It’s the day of unusual engagements and birthdays as we mark a leap year, and we even have a Google Doodle to celebrate.
While it has become a day in which you’re encouraged to do something different, which, in the case of women, includes popping the question to your other half, having a leap year every four years is an important event to restore order to potential chaos.
When looking at the Gregorian calendar used by most societies these days, the extra date of 29 February is needed due to the wonders of the cosmos, our solar system, and the slightly-imperfect nature of the Earth’s rotation around the sun.
Why every four years?
While our calendar year of 365 days is based on how long it takes for our planet to orbit our nearest star, the reality is that Earth doesn’t precisely complete its orbit in this amount of time.
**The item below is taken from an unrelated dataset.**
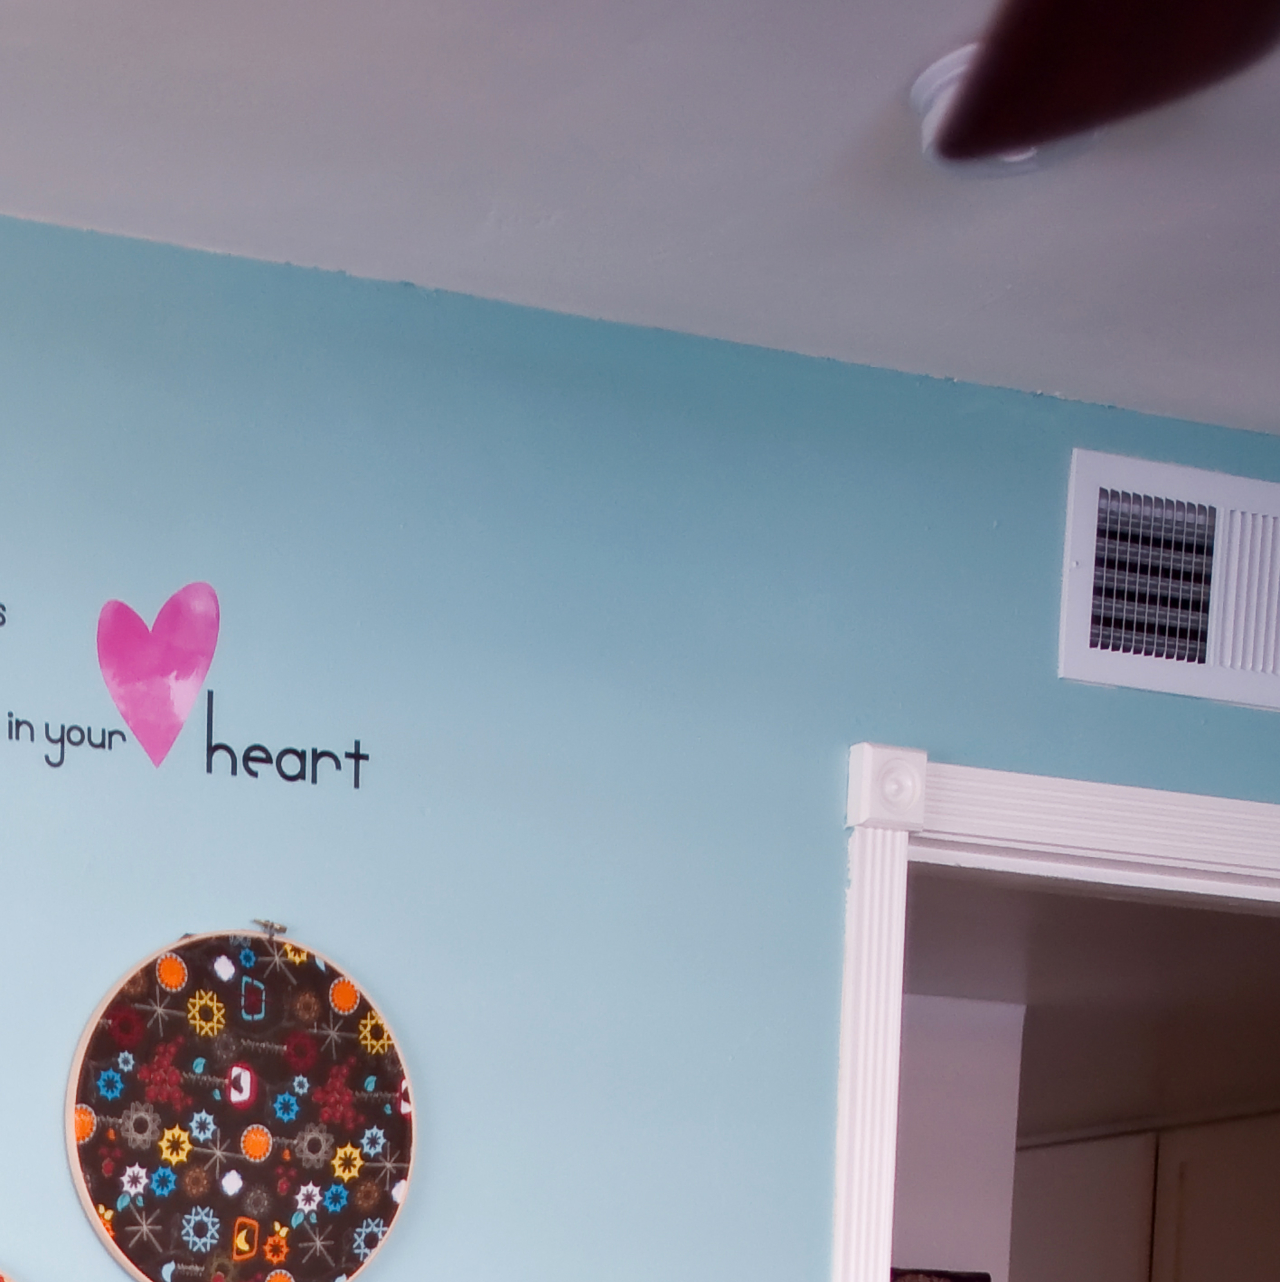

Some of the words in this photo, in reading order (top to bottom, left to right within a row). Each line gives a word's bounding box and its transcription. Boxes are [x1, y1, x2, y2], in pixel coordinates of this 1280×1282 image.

[5, 709, 36, 744] in
[43, 720, 128, 770] your
[204, 688, 371, 791] heart
In fact, if you do want to get precise, it takes 365.2422 days for the Earth to orbit the sun, but, interestingly, when it comes to a leap year, it’s not as straightforward as it occurring every four years.
Other rules brought in have meant that a leap year will only occur on a year that is divisible by four, that is unless a year is both divisible by 100, but isn’t divisible by 400.
So why do we add the extra day to February, rather than other months? Well, it all goes back to Roman politics centuries ago when the Roman Empire’s most famous emperor, Julius Caesar, was replaced by Caesar Augustus.
During the time of Julius Caesar’s reign, August only had 29 days, but when Caesar Augustus came to power, he wasn’t going to stand for his own month to be the lesser of the calendar, taking one day from February and another from Julius Caesar’s month, July, as a show of force.
Day off sound good?
If, like pretty much everyone, you’re at work today, you might be slightly miffed that today you’re technically working for free as it’s an extra day, prompting some groups to call for it being a day off. Hear, hear!
As for today’s Google Doodle, Google has decided to go with the rather adorable cartoon bunny rabbits, with one of the leaping furry creatures barging its way into our calendar.
Explaining the background to the Doodle, Google says the illustrator, Olivia Huynh, went with a few concepts prior to today’s final one, contemplating one with the equally familiar leaper, the frog.